Scope
The lanthanides and actinides and transition metals have characteristic patterns of chemistry and are treated in Sections H and I. The left over non-transition metals comprise the elements of group 12 even though they are generally part of the d-block, like the d orbitals in these atoms are very tightly bound to be concerned in chemical bonding and the elements do not depict characteristic transition metal properties.
Figure 1 depicts the position of non-transition metals in the periodic table. They come into two classes with considerably dissimilar chemistry.
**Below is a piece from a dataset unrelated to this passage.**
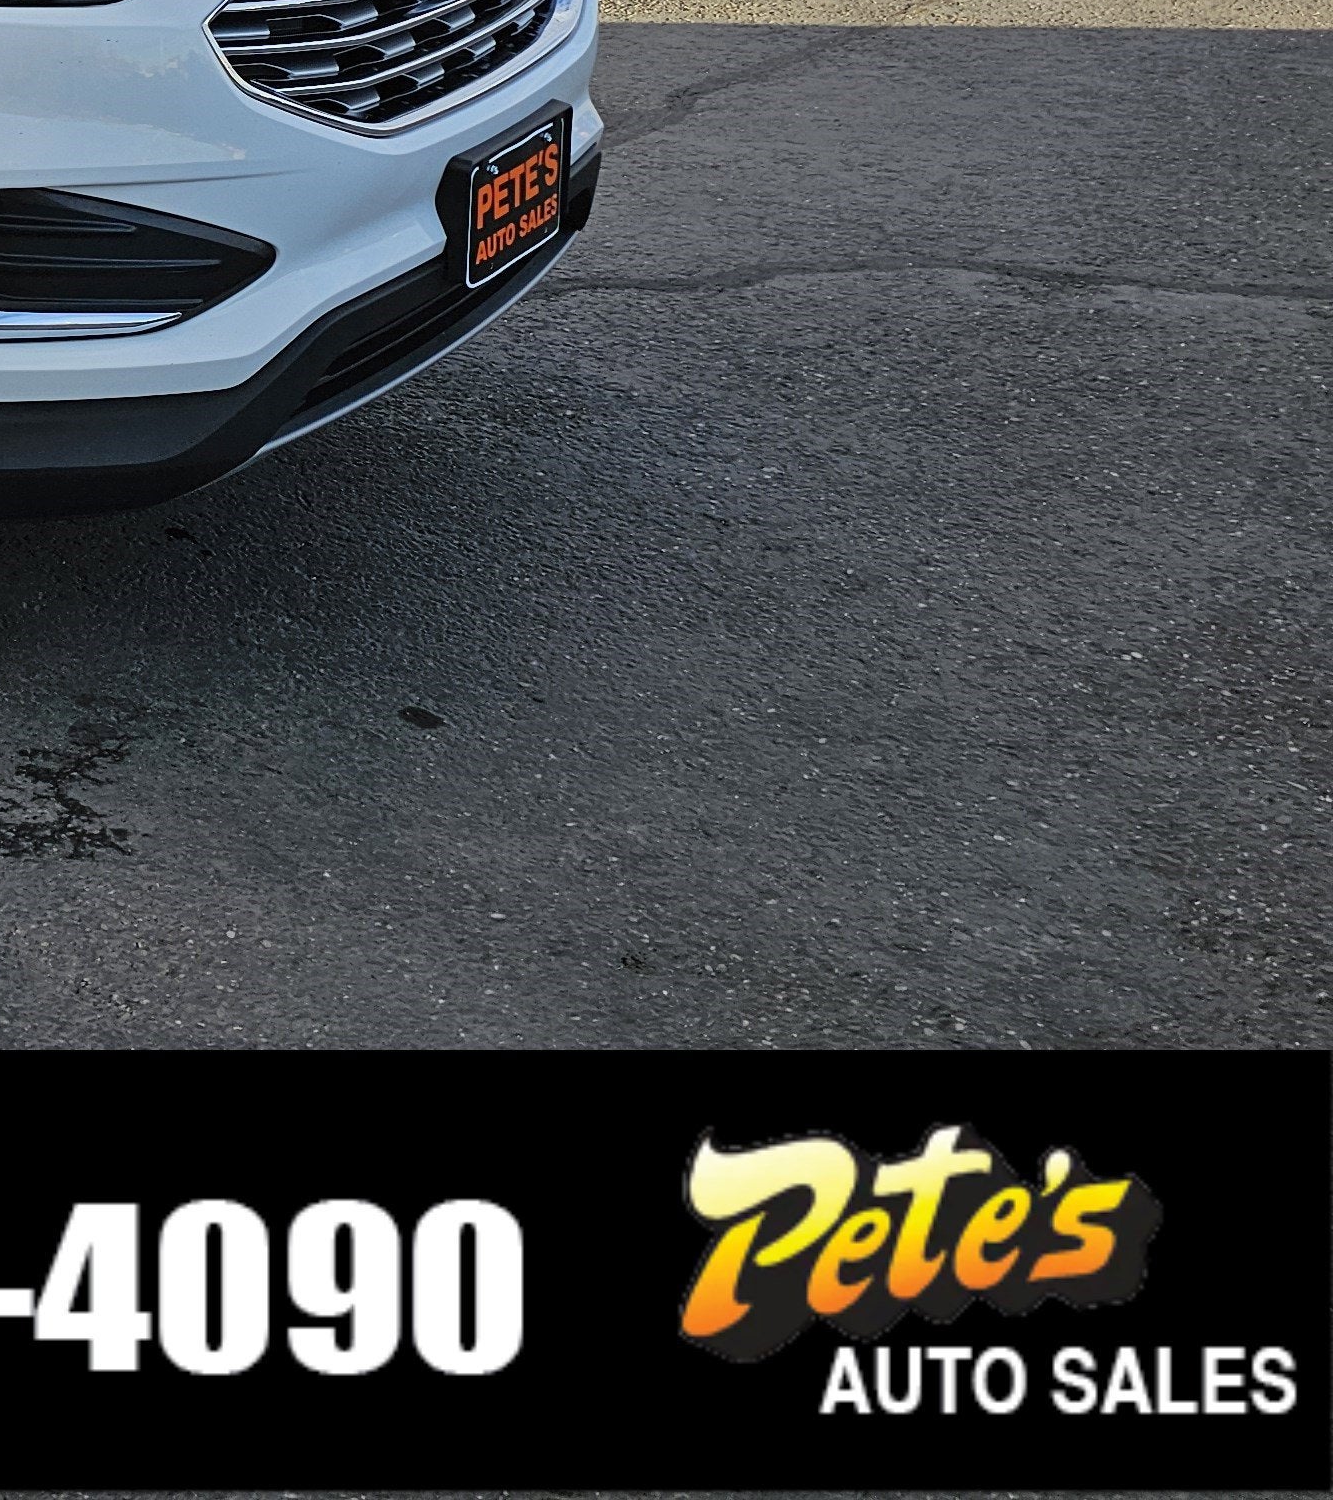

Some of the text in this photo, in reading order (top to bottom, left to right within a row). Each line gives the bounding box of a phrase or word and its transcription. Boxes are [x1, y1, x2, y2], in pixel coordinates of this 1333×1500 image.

[476, 143, 559, 230] PETE'S
[475, 193, 558, 265] AUTO SALES
The pre-transition metals include groups 1 and 2 and aluminum in group 13. They are general metals, extremely electropositive in character and approximately invariably found in oxidation states supposed for ions in a noble-gas configuration (example Na+, Mg2+, Al3+). In nature they take place broadly in silicate minerals, even though weathering processes give increase to concentrated deposits of other compounds like halides (example NaCl, CaF2) carbonates (CaCO3) and hydroxides (AlO(OH)).
From periods 4-6 in groups the metallic elements following the transition series are post-transition metals. They are than the pre-transition metals less electropositive and are generally found in nature as sulfides rather than silicates. They create compounds with oxidation states subsequent to d10 ions in which s and p electrons have been ionized (example Cd2+, In3+, Sn4+) but these are less ionic in character than subsequent compounds of pre-transition metals. Post-transition metals form stronger complexes than with pre-transition metals in solution. Lower oxidation states (example Tl+, Sn2+) are also general.